Par courrier recommandé avec accusé de réception du 19 juillet 2002, Monsieur … fut convoqué à un entretien préalable en vue de son licenciement éventuel. Il y fut porté à sa 2 connaissance que dans un dossier en matière de publicité (Lidl de Differdange), il aurait autorisé l'installation d'une enseigne publicitaire tout en étant dépourvu d'un quelconque pouvoir d'autorisation et d'engagement de l'Etat et sans même la saisine de la commission des sites et monuments nationaux (COSIMO), alors même que l'article 9 de la loi modifiée du 16 avril 1979 fixant le régime général des fonctionnaires de l'Etat prévoit que les agents de l'Etat sont tenus de se conformer consciencieusement aux lois et règlements qui déterminent les devoirs que l'exercice de leur fonction leur impose. Confronté à ce fait lors de deux entrevues avec le directeur ff. du service des sites et monuments nationaux, il aurait affirmé que cette autorisation contraire aux règles essentielles de sa fonction constituerait un fait isolé et unique. Des recherches ultérieures auraient pourtant mis en lumière vingt-six cas supplémentaires et identiques à celui de Lidl de Differdange. L'apposition abusive de sa signature, accomplie de manière systématique, sur des documents officiels engageant l'Etat, serait constitutive d'une conduite que l'autorité ne saurait ni tolérer, ni excuser.

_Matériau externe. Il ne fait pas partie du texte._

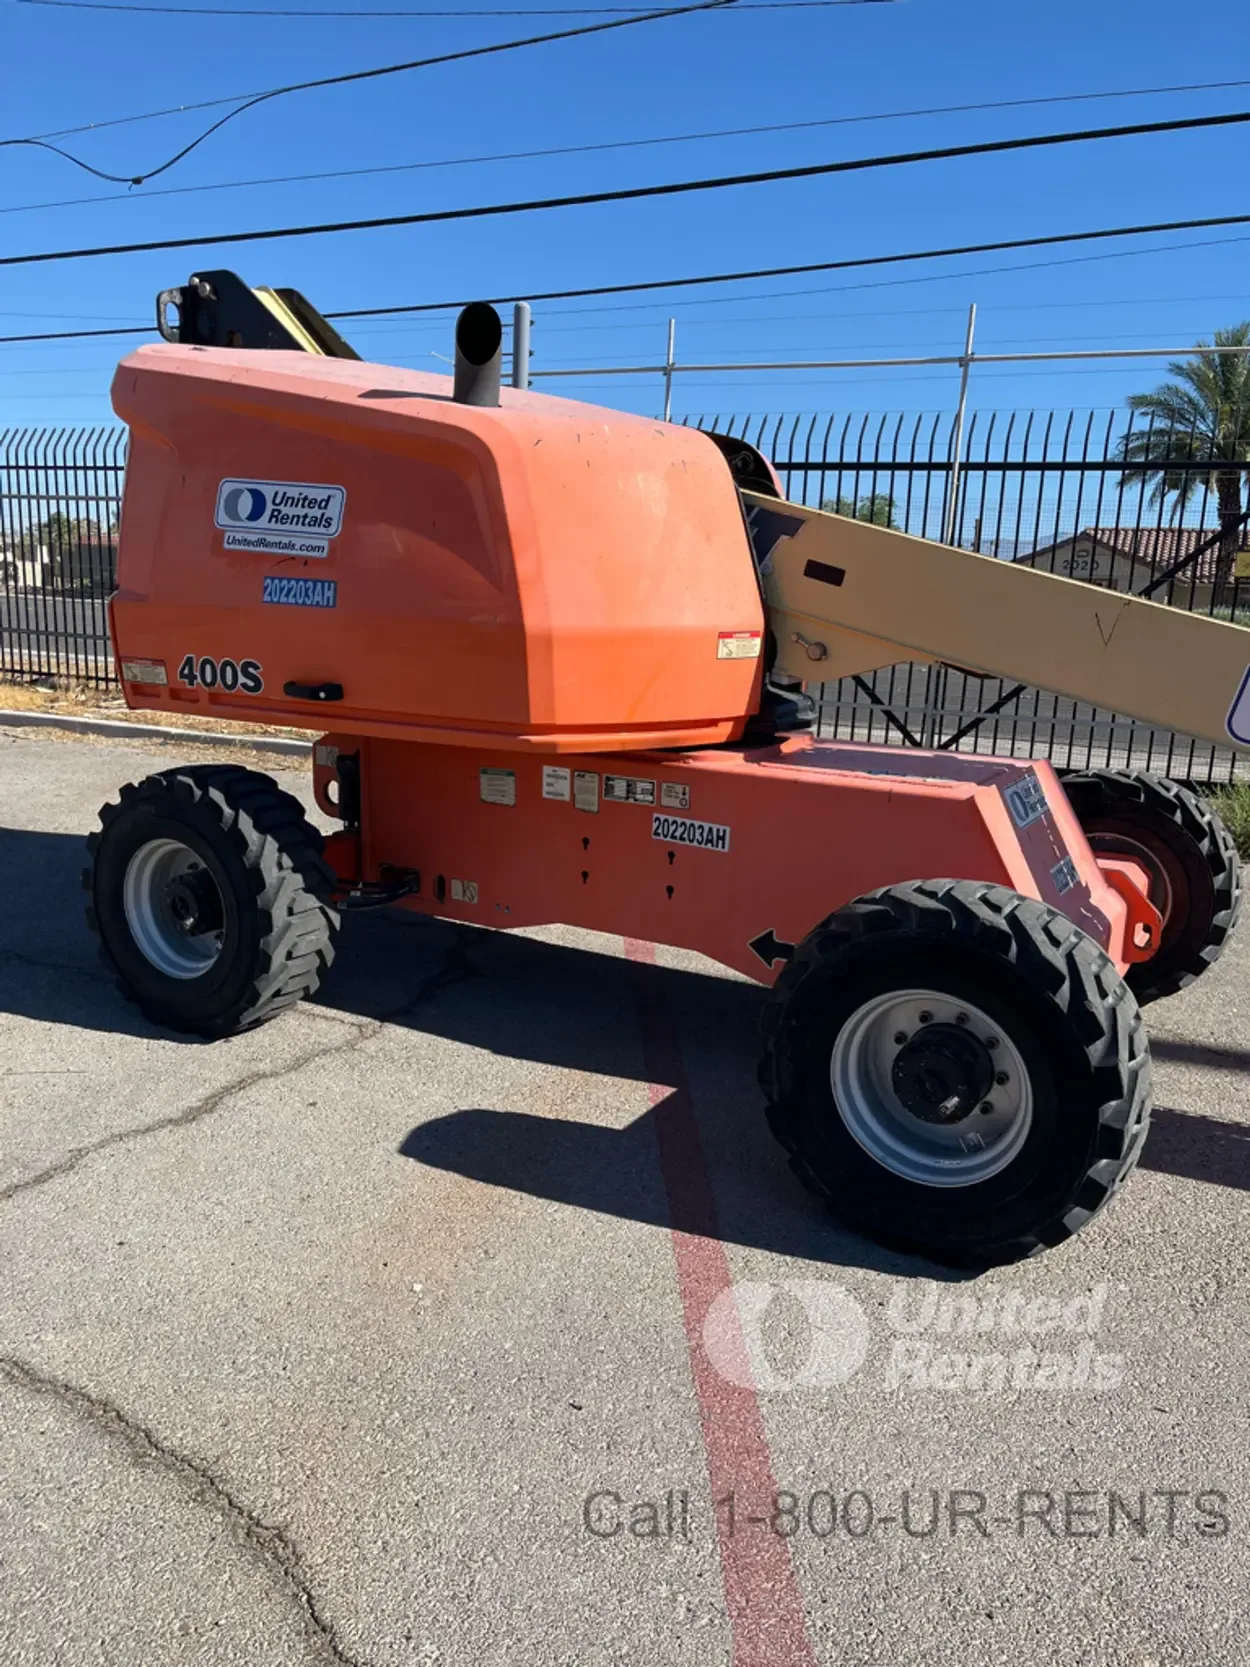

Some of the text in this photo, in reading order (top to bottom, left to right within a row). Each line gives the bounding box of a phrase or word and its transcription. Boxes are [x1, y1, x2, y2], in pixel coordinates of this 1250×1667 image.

[271, 490, 332, 511] United
[268, 508, 333, 529] Rentals
[226, 535, 325, 554] UnitedRentals.com
[263, 578, 336, 606] 202203AH
[178, 654, 263, 694] 400S
[652, 815, 727, 850] 202203AH

L'entretien en question eut lieu le 1er août 2002 et le 5 août suivant, son mandataire prit position par rapport aux griefs formulés à son encontre. Le même jour, il se trouva en congé de maladie jusqu'au 15 septembre 2002.

Par lettre recommandée du 8 août 2002, la ministre de la Culture, de l'Enseignement supérieur et de la Recherche lui notifia la résiliation de son contrat d'engagement. Elle réitéra les reproches formulés dans la lettre l'ayant invité à se présenter à l'entretien préalable.

Par lettre du 12 août 2002, sa mandataire contesta la régularité tant formelle que de fond du licenciement intervenu, en se prévalant notamment de la circonstance que Monsieur … s'était trouvé en congé de maladie lors de la notification de la résiliation de son contrat de travail.

La ministre maintint cependant sa décision de licenciement, tout en apportant, dans un courrier du 3 septembre 2002, une motivation plus ample de sa décision.

Par requête du 16 octobre 2002, Monsieur … a introduit un recours tendant principalement à la réformation, et subsidiairement à l'annulation de la décision de licenciement avec demande de réintégration immédiate dans ses fonctions.

Le tribunal administratif statuant au fond est compétent pour connaître des contestations résultant du contrat d'emploi des employés de l'Etat et de celles relatives à leur rémunération, parmi lesquelles sont comprises celles relatives au licenciement. En revanche, il est incompétent pour connaître d'une demande en allocation de dommages-intérêts réclamés pour licenciement abusif (trib. adm. 12 mai 1998, Pas. adm. 2002, V° Fonction publique, n° 186, et autres références y citées).

La qualité d'employé de l'Etat de Monsieur … n'étant pas litigieuse entre parties, il s'ensuit que le tribunal est compétent pour connaître du recours en réformation. Le recours en annulation, présenté en ordre subsidiaire, est partant irrecevable.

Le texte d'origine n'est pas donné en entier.